今回お話を伺ったのは、愛知・三重県で二つの施術会をコーディネイトされた、フランチャイズの田中智博さんです。さまざまな職を経て、世界各地でも仕事をしていた田中さんが、CS60の施術者になるまでの経緯を伺いました。
―田中さんはもともとどんなお仕事をしていたのでしょうか?
田中:僕は多摩美術大学を卒業し、フリーランスで展覧会制作運営の仕事をしながら、学芸員になりました。その後、アートトイなどをミュージアムショップに卸すおもちゃ屋をはじめ、それとともに、皆既日食の魅力を伝える書籍の出版、執筆業、音楽やアートイベントの企画制作、芸能人のマネージャーなどさまざまな仕事をしてきました。
―主に表現活動を支えるお仕事をされていたのですね。
田中:そうです。それを12年程やって国際物流のグローバル企業に入社しました。
―全然違うお仕事ですよね。どうして就職されたのでしょうか?
田中:正直なところ、フリーランスで収入が不安定でした。その時期に近しい人から「一度、就職したらどう?」と助言され、36歳で初就職しました。学生時代から世界各地を旅行していたので、「いつかは海外に住んでみたい」と漠然と思っていたのです。就職して半年後、幸運にもインド・デリー支店への勤務が決まりました。インド全土を営業範囲に持つ営業マンとしてデリーで4年過ごし、その後台北へ。1年半後にバンコクに行き3年半住んでいたので、合計9年程海外で過ごしたことになります。
―同じ会社での転勤だったのですか?
田中:デリーと台北は同じ会社です。台北で退職後、現地で転職活動をしてバンコクに勤務先をみつけ再移住しました。バンコクでは念願のマッサージの勉強もできたんです。

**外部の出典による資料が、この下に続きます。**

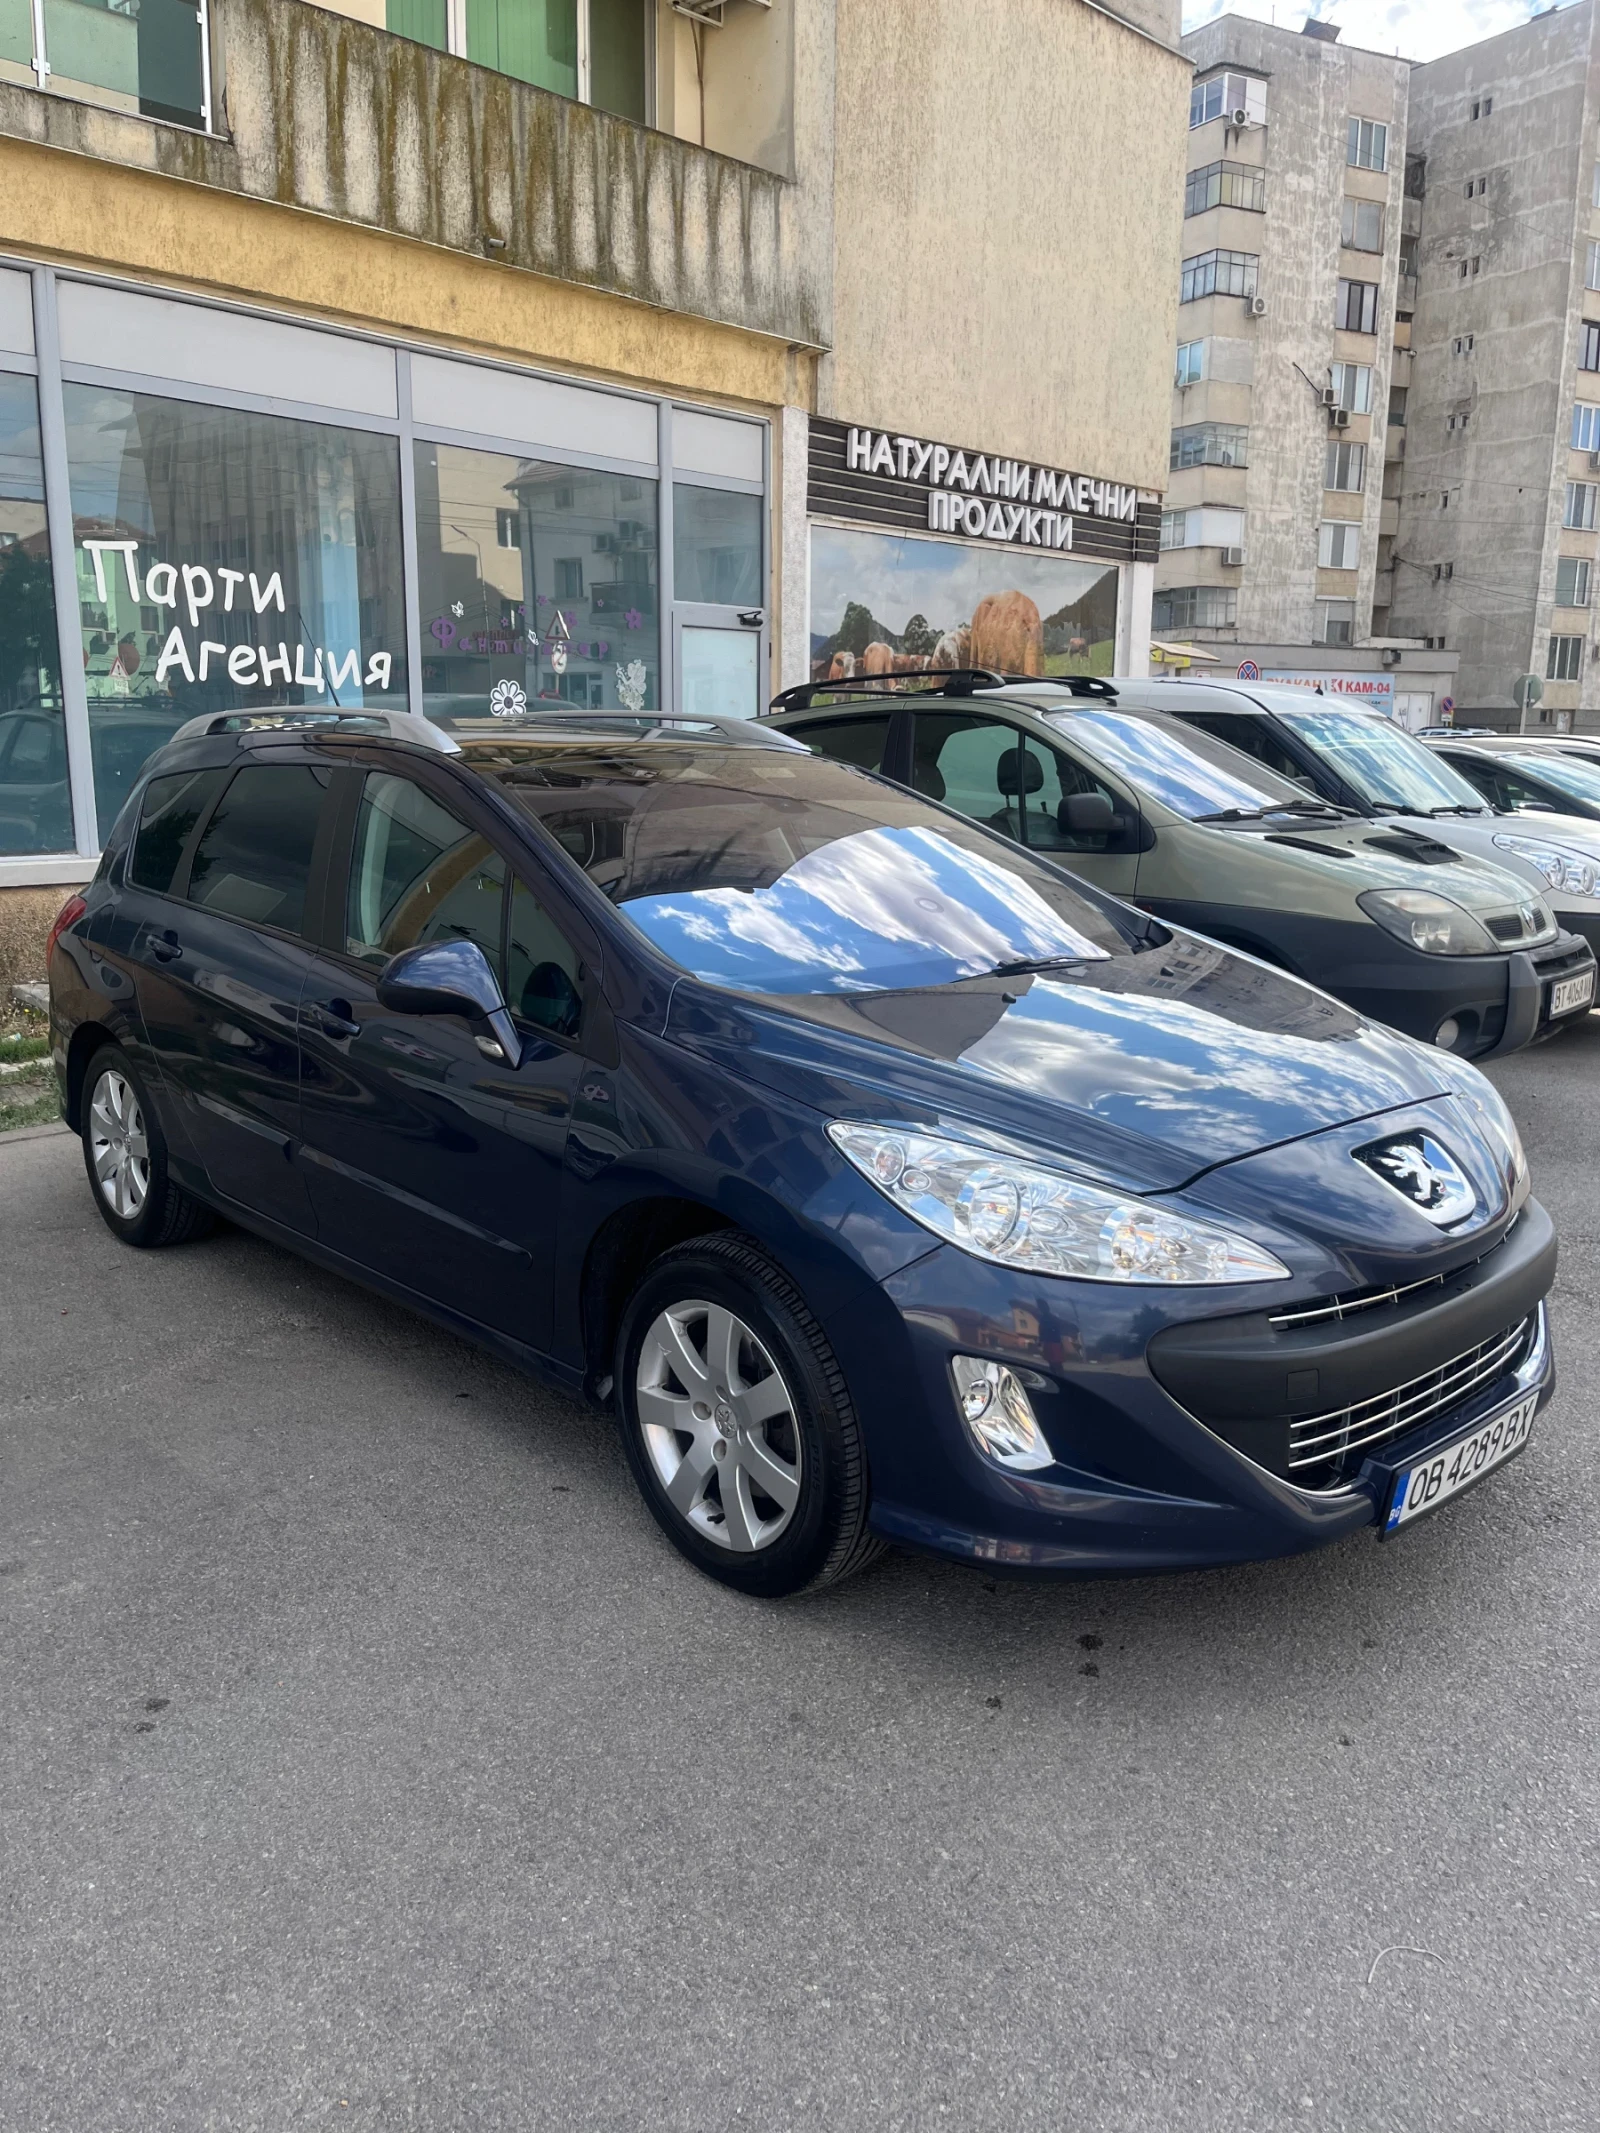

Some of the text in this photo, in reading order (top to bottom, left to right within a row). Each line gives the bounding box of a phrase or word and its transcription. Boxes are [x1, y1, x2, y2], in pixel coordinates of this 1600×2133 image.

―どうしてバンコクでマッサージの勉強をされたのですか?
田中:まず、展覧会の仕事をしていた20代後半のある日、「マッサージの仕事をしたい」という考えが、ふとやってきたんです。時が過ぎ、台北で退職後にレイキを学び、バンコクでの転職期間中、「このタイミングだ!」と思い立ち、ワットポー・タイ古式とスウェディッシュ・マッサージ、それに国際ライセンス・CIBTACの資格を短期間で3つ取得して、施術者としての基礎を身につけました。
―インスピレーションがあって、さまざまな技術を身に着けたのですね。それを新しい就職先で活かしたのでしょうか?
田中:いえ、再転職先は半年程で退職してしまいました。本来向いていないサラリーマンを海外で無理して続けたことが影響し、バーンアウトしてしまったのです。過度のストレスで腹部はガチガチ、副腎疲労もひどかったはずです。その後約2年間、次の仕事や目標を決められず不毛な日々を過ごさざるを得ない状態でした。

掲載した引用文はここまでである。